Article à destination de tous·tes

En 2020, les professionnels de l’hypnose savent que la relaxation n’est pas nécessaire pour faire de l’hypnose. Mais ça n’a pas toujours été le cas. Dans cet article, nous retraçons la découverte de l’hypnose active-alerte, un style d’hypnotisme utilisant l’activité physique plutôt que la relaxation. Nous verrons comment l’hypnose s’est historiquement différenciée de la relaxation puis nous nous intéresserons à ce que l’hypnose active-alerte peut vous apporter dans votre pratique professionnelle de l’hypnose.

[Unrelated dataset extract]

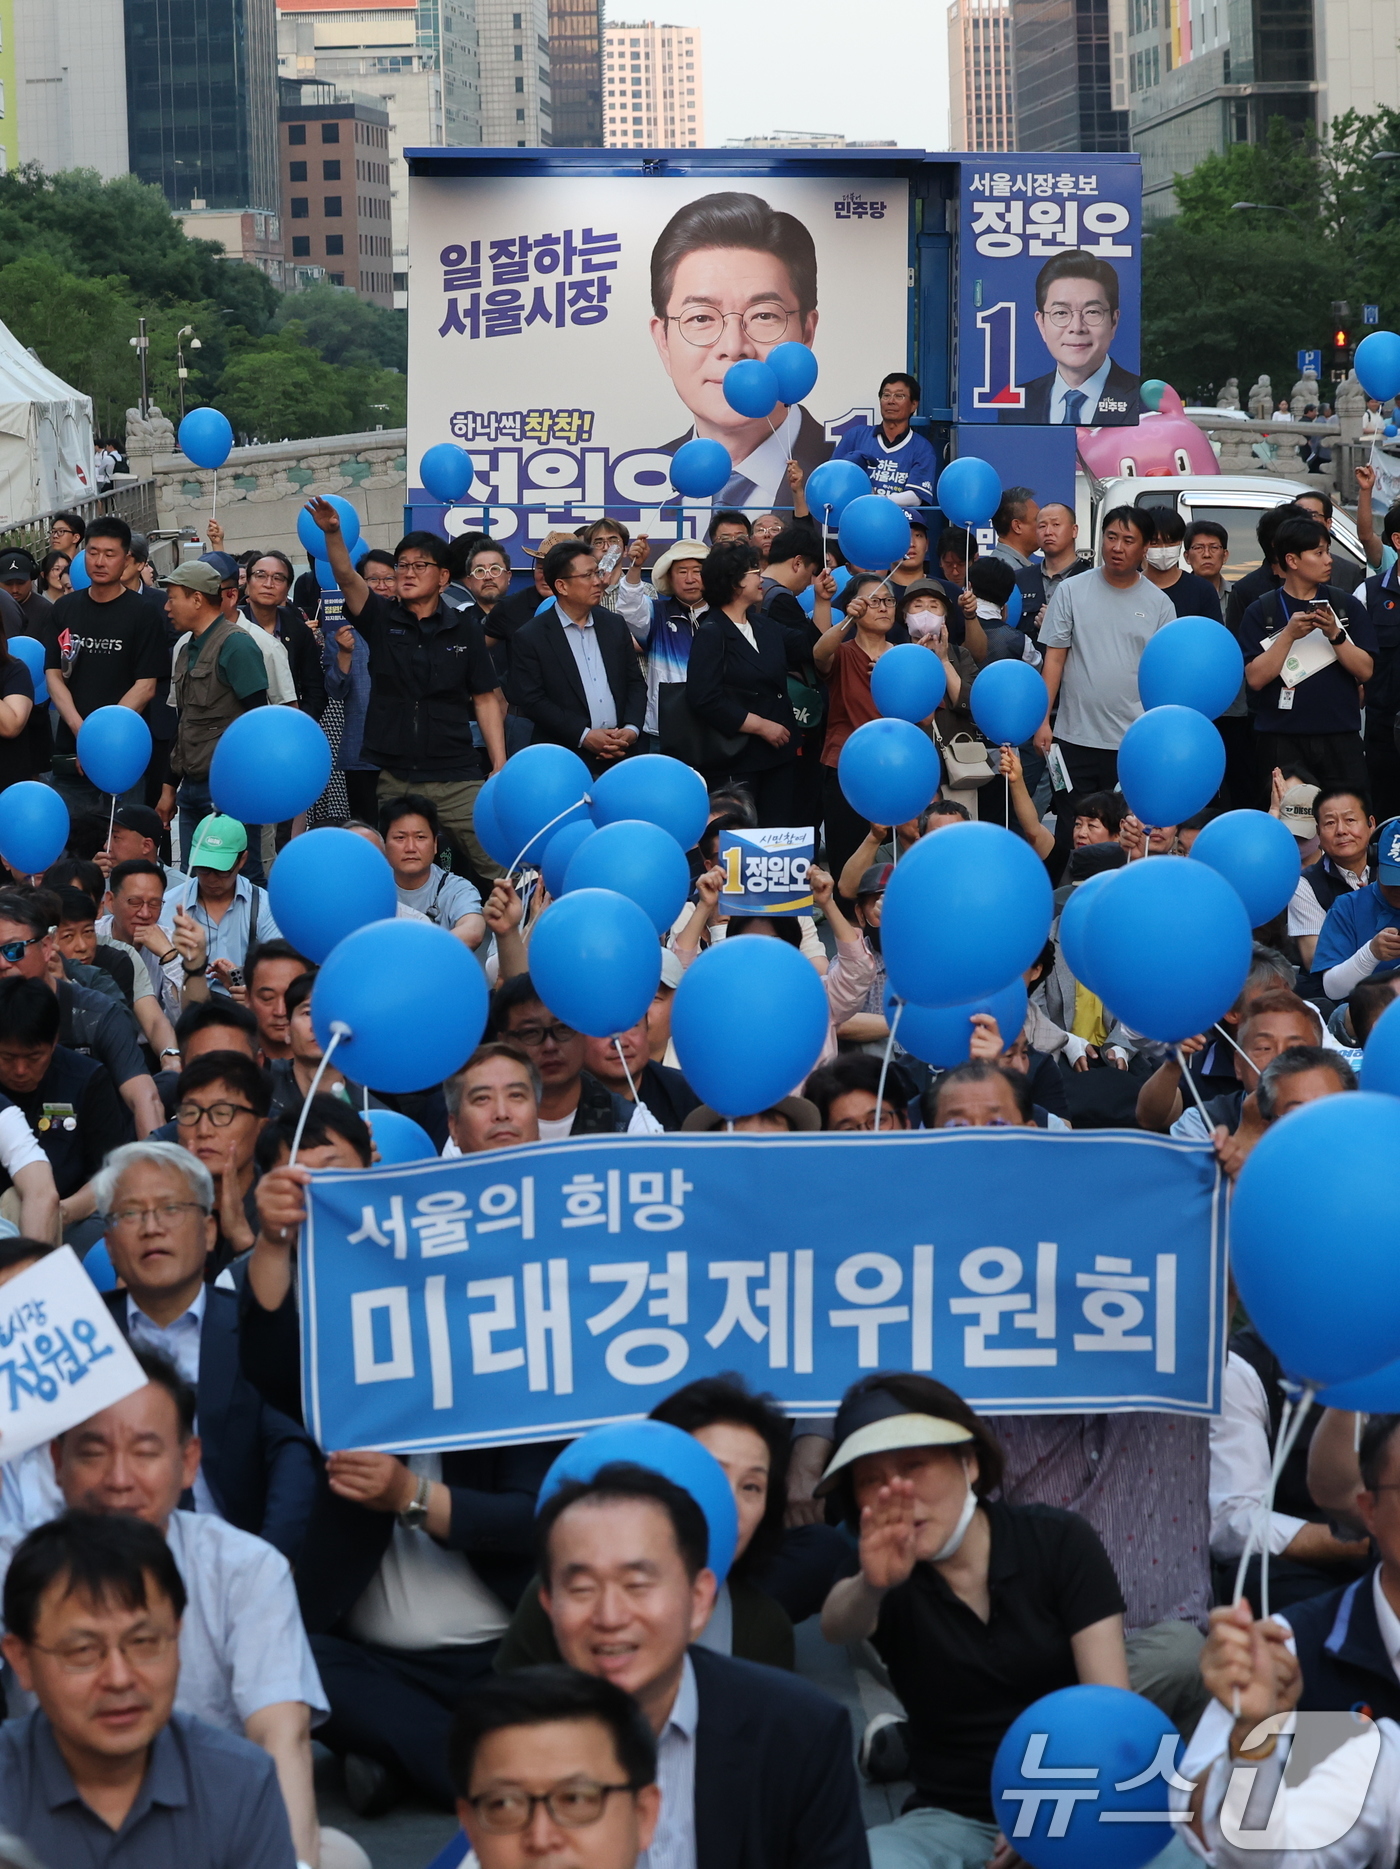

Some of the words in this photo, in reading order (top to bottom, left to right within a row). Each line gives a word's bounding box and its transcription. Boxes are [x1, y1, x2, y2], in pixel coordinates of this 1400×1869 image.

L’hypnose, une forme de sommeil ?

Depuis Braid (1843), mais plus encore depuis la théorie de Pavlov (Pavlov & Gantt 1928), l’hypnose est comprise comme un état proche du sommeil. Cette théorie est dominante dans les années 1970, lorsqu’une jeune étudiante hongroise effectue ses recherches au sein du Laboratory of Hypnosis Research à l’université de Stanford sous la direction de Hilgard. Eva Banyai ne sait alors pas encore qu’elle va changer le cours de l’histoire. Dès 1973 elle observe que certaines personnes – lorsqu’elles sont hypnotisées – ont un comportement radicalement différent du sommeil. Plus actifs encore qu’au repos, ces personnes qui reçoivent des suggestions invitant au sommeil témoignent d’une sensation d’activité accrue, comme si elles étaient plus lucides que d’habitude. Ces résultats, qui contredisent les prédictions de la théorie Pavlovienne, sont à la racine d’une série d’études visant à tester le lien entre relaxation et hypnose. Les études que réalisent Banyai et ses collaborateurs ne parviennent pas à révéler les indices attendus d’un état proche du sommeil lors de l’hypnose, ce qui accentue ses doutes vis-à-vis de la théorie Pavlovienne.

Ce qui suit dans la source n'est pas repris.